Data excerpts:

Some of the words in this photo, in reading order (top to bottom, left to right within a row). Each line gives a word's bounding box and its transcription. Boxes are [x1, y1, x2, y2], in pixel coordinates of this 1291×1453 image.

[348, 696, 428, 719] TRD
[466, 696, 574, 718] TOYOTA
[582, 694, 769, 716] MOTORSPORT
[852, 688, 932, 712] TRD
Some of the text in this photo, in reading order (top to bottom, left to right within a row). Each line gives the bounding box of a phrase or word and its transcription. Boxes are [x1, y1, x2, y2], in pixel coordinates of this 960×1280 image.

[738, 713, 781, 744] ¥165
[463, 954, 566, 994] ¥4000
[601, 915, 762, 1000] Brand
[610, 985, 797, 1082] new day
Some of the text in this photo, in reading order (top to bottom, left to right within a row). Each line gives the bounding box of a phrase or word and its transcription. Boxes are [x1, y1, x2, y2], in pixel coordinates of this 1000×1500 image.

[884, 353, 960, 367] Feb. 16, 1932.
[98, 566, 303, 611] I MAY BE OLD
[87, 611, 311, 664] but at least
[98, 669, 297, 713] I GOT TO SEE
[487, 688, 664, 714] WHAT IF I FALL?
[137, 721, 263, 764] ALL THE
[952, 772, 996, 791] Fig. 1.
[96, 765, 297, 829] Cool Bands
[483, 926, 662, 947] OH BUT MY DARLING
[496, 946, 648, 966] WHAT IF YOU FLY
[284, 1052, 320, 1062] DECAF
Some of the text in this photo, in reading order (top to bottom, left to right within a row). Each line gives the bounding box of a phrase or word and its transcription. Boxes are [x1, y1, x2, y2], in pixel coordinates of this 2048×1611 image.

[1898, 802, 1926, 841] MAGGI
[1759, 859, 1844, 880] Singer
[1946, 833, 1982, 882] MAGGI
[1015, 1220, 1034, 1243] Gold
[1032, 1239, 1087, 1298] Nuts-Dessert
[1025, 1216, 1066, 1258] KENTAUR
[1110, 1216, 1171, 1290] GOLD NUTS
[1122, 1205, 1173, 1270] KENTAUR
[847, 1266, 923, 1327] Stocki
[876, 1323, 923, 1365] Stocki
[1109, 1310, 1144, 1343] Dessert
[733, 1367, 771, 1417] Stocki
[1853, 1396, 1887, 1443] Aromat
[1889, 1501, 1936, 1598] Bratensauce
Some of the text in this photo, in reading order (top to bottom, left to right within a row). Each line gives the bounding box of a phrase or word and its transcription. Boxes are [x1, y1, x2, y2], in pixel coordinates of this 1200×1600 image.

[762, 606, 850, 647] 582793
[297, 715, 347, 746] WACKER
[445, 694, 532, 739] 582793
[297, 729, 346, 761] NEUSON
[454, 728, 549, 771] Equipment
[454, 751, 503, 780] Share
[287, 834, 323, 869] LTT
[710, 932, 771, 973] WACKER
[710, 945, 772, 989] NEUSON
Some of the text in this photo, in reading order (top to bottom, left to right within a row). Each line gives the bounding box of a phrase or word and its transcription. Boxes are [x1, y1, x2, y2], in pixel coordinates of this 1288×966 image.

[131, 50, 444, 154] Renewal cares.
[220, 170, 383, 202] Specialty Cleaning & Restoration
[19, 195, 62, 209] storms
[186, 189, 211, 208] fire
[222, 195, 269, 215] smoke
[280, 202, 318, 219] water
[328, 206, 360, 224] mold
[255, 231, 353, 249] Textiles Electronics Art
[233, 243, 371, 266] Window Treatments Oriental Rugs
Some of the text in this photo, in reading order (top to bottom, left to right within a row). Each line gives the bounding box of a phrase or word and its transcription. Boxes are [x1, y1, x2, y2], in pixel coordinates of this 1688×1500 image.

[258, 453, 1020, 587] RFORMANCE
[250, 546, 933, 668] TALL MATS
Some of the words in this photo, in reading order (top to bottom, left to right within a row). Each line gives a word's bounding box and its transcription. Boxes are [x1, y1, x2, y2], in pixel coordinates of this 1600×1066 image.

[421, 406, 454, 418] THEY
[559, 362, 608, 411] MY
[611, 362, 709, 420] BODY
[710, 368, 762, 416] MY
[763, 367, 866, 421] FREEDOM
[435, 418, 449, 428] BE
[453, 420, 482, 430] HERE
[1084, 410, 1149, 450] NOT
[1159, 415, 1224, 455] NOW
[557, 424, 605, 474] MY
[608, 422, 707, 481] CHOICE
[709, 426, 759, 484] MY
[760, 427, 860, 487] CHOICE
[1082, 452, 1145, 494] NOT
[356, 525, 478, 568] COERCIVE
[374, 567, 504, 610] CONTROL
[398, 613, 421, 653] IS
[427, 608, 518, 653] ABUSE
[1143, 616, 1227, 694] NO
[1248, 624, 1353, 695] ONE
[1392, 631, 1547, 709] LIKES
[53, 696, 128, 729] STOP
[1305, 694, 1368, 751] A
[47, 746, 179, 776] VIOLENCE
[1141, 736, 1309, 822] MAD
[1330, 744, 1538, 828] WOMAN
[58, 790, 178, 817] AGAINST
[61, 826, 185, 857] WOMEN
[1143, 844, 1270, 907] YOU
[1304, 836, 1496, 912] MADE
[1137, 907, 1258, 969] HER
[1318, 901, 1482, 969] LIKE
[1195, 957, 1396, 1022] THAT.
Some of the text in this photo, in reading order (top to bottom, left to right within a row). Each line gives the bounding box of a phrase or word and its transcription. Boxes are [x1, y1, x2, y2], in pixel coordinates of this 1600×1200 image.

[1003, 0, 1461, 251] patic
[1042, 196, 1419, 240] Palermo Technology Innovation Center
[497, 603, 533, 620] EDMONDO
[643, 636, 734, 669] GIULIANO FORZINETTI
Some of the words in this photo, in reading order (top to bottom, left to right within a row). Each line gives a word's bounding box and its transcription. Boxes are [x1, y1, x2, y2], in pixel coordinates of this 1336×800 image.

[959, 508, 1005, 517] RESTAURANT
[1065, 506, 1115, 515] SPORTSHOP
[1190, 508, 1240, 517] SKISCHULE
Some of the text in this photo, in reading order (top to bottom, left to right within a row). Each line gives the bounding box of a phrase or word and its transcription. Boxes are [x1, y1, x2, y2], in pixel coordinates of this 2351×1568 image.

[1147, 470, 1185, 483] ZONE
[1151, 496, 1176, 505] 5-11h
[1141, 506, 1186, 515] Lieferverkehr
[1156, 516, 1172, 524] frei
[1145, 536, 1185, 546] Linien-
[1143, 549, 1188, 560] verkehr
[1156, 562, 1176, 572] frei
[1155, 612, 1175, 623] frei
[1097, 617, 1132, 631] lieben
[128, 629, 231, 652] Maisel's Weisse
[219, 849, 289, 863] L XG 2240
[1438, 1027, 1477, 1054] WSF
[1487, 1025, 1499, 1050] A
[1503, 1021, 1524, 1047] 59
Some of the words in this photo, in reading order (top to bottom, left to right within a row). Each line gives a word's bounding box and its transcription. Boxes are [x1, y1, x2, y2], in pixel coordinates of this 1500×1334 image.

EXERCISE PROMPT:
Write the entries out again, exactly and completely.

WRITTEN SOLUTION:
Some of the words in this photo, in reading order (top to bottom, left to right within a row). Each line gives a word's bounding box and its transcription. Boxes are [x1, y1, x2, y2], in pixel coordinates of this 1291×1453 image.

[348, 696, 428, 719] TRD
[466, 696, 574, 718] TOYOTA
[582, 694, 769, 716] MOTORSPORT
[852, 688, 932, 712] TRD
Some of the text in this photo, in reading order (top to bottom, left to right within a row). Each line gives the bounding box of a phrase or word and its transcription. Boxes are [x1, y1, x2, y2], in pixel coordinates of this 960×1280 image.

[738, 713, 781, 744] ¥165
[463, 954, 566, 994] ¥4000
[601, 915, 762, 1000] Brand
[610, 985, 797, 1082] new day
Some of the text in this photo, in reading order (top to bottom, left to right within a row). Each line gives the bounding box of a phrase or word and its transcription. Boxes are [x1, y1, x2, y2], in pixel coordinates of this 1000×1500 image.

[884, 353, 960, 367] Feb. 16, 1932.
[98, 566, 303, 611] I MAY BE OLD
[87, 611, 311, 664] but at least
[98, 669, 297, 713] I GOT TO SEE
[487, 688, 664, 714] WHAT IF I FALL?
[137, 721, 263, 764] ALL THE
[952, 772, 996, 791] Fig. 1.
[96, 765, 297, 829] Cool Bands
[483, 926, 662, 947] OH BUT MY DARLING
[496, 946, 648, 966] WHAT IF YOU FLY
[284, 1052, 320, 1062] DECAF
Some of the text in this photo, in reading order (top to bottom, left to right within a row). Each line gives the bounding box of a phrase or word and its transcription. Boxes are [x1, y1, x2, y2], in pixel coordinates of this 2048×1611 image.

[1898, 802, 1926, 841] MAGGI
[1759, 859, 1844, 880] Singer
[1946, 833, 1982, 882] MAGGI
[1015, 1220, 1034, 1243] Gold
[1032, 1239, 1087, 1298] Nuts-Dessert
[1025, 1216, 1066, 1258] KENTAUR
[1110, 1216, 1171, 1290] GOLD NUTS
[1122, 1205, 1173, 1270] KENTAUR
[847, 1266, 923, 1327] Stocki
[876, 1323, 923, 1365] Stocki
[1109, 1310, 1144, 1343] Dessert
[733, 1367, 771, 1417] Stocki
[1853, 1396, 1887, 1443] Aromat
[1889, 1501, 1936, 1598] Bratensauce
Some of the text in this photo, in reading order (top to bottom, left to right within a row). Each line gives the bounding box of a phrase or word and its transcription. Boxes are [x1, y1, x2, y2], in pixel coordinates of this 1200×1600 image.

[762, 606, 850, 647] 582793
[297, 715, 347, 746] WACKER
[445, 694, 532, 739] 582793
[297, 729, 346, 761] NEUSON
[454, 728, 549, 771] Equipment
[454, 751, 503, 780] Share
[287, 834, 323, 869] LTT
[710, 932, 771, 973] WACKER
[710, 945, 772, 989] NEUSON
Some of the text in this photo, in reading order (top to bottom, left to right within a row). Each line gives the bounding box of a phrase or word and its transcription. Boxes are [x1, y1, x2, y2], in pixel coordinates of this 1288×966 image.

[131, 50, 444, 154] Renewal cares.
[220, 170, 383, 202] Specialty Cleaning & Restoration
[19, 195, 62, 209] storms
[186, 189, 211, 208] fire
[222, 195, 269, 215] smoke
[280, 202, 318, 219] water
[328, 206, 360, 224] mold
[255, 231, 353, 249] Textiles Electronics Art
[233, 243, 371, 266] Window Treatments Oriental Rugs
Some of the text in this photo, in reading order (top to bottom, left to right within a row). Each line gives the bounding box of a phrase or word and its transcription. Boxes are [x1, y1, x2, y2], in pixel coordinates of this 1688×1500 image.

[258, 453, 1020, 587] RFORMANCE
[250, 546, 933, 668] TALL MATS
Some of the words in this photo, in reading order (top to bottom, left to right within a row). Each line gives a word's bounding box and its transcription. Boxes are [x1, y1, x2, y2], in pixel coordinates of this 1600×1066 image.

[421, 406, 454, 418] THEY
[559, 362, 608, 411] MY
[611, 362, 709, 420] BODY
[710, 368, 762, 416] MY
[763, 367, 866, 421] FREEDOM
[435, 418, 449, 428] BE
[453, 420, 482, 430] HERE
[1084, 410, 1149, 450] NOT
[1159, 415, 1224, 455] NOW
[557, 424, 605, 474] MY
[608, 422, 707, 481] CHOICE
[709, 426, 759, 484] MY
[760, 427, 860, 487] CHOICE
[1082, 452, 1145, 494] NOT
[356, 525, 478, 568] COERCIVE
[374, 567, 504, 610] CONTROL
[398, 613, 421, 653] IS
[427, 608, 518, 653] ABUSE
[1143, 616, 1227, 694] NO
[1248, 624, 1353, 695] ONE
[1392, 631, 1547, 709] LIKES
[53, 696, 128, 729] STOP
[1305, 694, 1368, 751] A
[47, 746, 179, 776] VIOLENCE
[1141, 736, 1309, 822] MAD
[1330, 744, 1538, 828] WOMAN
[58, 790, 178, 817] AGAINST
[61, 826, 185, 857] WOMEN
[1143, 844, 1270, 907] YOU
[1304, 836, 1496, 912] MADE
[1137, 907, 1258, 969] HER
[1318, 901, 1482, 969] LIKE
[1195, 957, 1396, 1022] THAT.
Some of the text in this photo, in reading order (top to bottom, left to right within a row). Each line gives the bounding box of a phrase or word and its transcription. Boxes are [x1, y1, x2, y2], in pixel coordinates of this 1600×1200 image.

[1003, 0, 1461, 251] patic
[1042, 196, 1419, 240] Palermo Technology Innovation Center
[497, 603, 533, 620] EDMONDO
[643, 636, 734, 669] GIULIANO FORZINETTI
Some of the words in this photo, in reading order (top to bottom, left to right within a row). Each line gives a word's bounding box and its transcription. Boxes are [x1, y1, x2, y2], in pixel coordinates of this 1336×800 image.

[959, 508, 1005, 517] RESTAURANT
[1065, 506, 1115, 515] SPORTSHOP
[1190, 508, 1240, 517] SKISCHULE
Some of the text in this photo, in reading order (top to bottom, left to right within a row). Each line gives the bounding box of a phrase or word and its transcription. Boxes are [x1, y1, x2, y2], in pixel coordinates of this 2351×1568 image.

[1147, 470, 1185, 483] ZONE
[1151, 496, 1176, 505] 5-11h
[1141, 506, 1186, 515] Lieferverkehr
[1156, 516, 1172, 524] frei
[1145, 536, 1185, 546] Linien-
[1143, 549, 1188, 560] verkehr
[1156, 562, 1176, 572] frei
[1155, 612, 1175, 623] frei
[1097, 617, 1132, 631] lieben
[128, 629, 231, 652] Maisel's Weisse
[219, 849, 289, 863] L XG 2240
[1438, 1027, 1477, 1054] WSF
[1487, 1025, 1499, 1050] A
[1503, 1021, 1524, 1047] 59
Some of the words in this photo, in reading order (top to bottom, left to right within a row). Each line gives a word's bounding box and its transcription. Boxes are [x1, y1, x2, y2], in pixel coordinates of this 1500×1334 image.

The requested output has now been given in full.